Must read this!
Daring Fireball
Friday, 28 May 2010
Over the last few months I’ve noticed an annoying trend on various web sites, generally major newspaper and magazine sites, but also certain weblogs. What happens is that when you select text from these web pages, the site uses JavaScript to report what you’ve copied to an analytics server and append an attribution URL to the text. So, for example, if I were using this “service” here on Daring Fireball, and you selected the first sentence of this article, copied it, then switched to another app to paste the text you just copied, instead of pasting just the sentence you selected and intended to copy, you’d instead get:
Over the last few months I’ve noticed an annoying trend on various web sites, generally major newspaper and magazine sites, but also certain weblogs.
Read more: http://daringfireball.net/2010/05/tynt_copy_paste_jerks/#ixzz0oyLiD4Qh
I.e., three blank lines followed by “Read more:”, then the URL from which the text was copied, then an identifying hash code used for tracking purposes.

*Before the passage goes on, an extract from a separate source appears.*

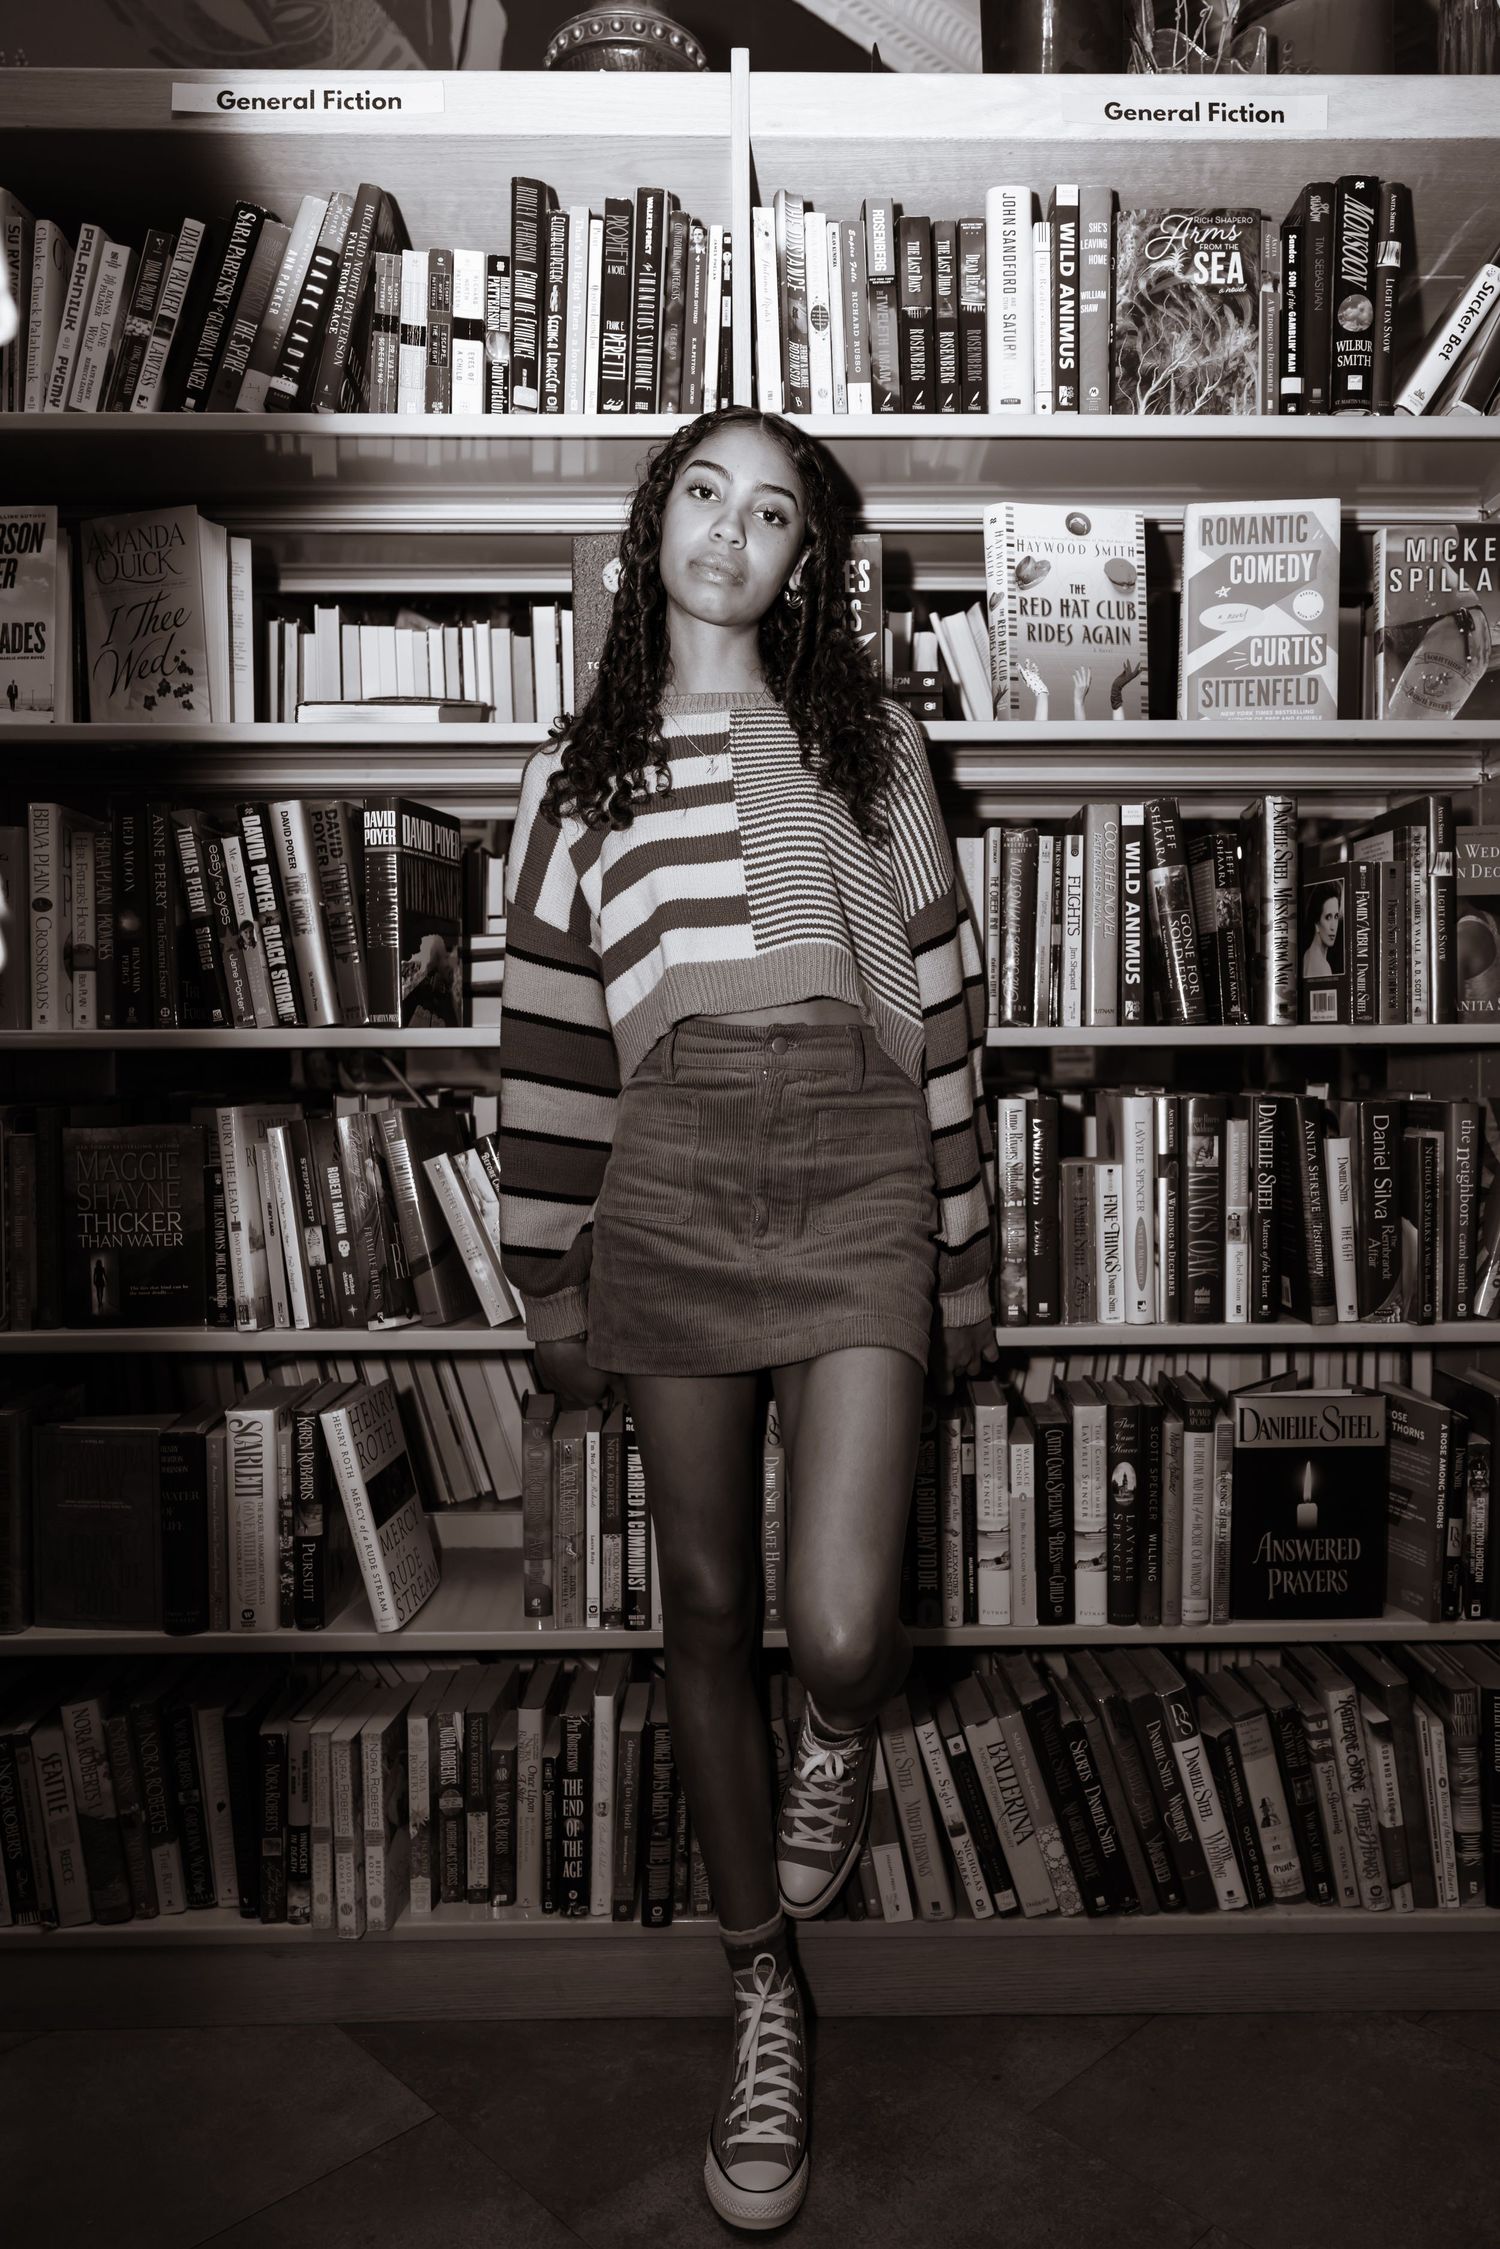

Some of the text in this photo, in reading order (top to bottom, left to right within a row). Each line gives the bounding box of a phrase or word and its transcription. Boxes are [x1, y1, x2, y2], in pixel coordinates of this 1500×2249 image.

Among the sites where I’ve seen this in use are TechCrunch (example) and The New Yorker (example). The JavaScript tomfoolery happens with most text copied from the site — whether you’re copying the entire article, a paragraph, or a sentence.
Read full article — includes code to block this insane intrusive idiocy.
Phi Beta Iota: Although “corruption” can certainly include “idiocy” we felt it appropriate to recognize Tynt — and the morons that let them corrupt web sites — with a special new category — Idiocy. Tip of the Hat to Mario Profaca for flagging, and Daring Fireball for putting into words — and providing code solutions –a public service.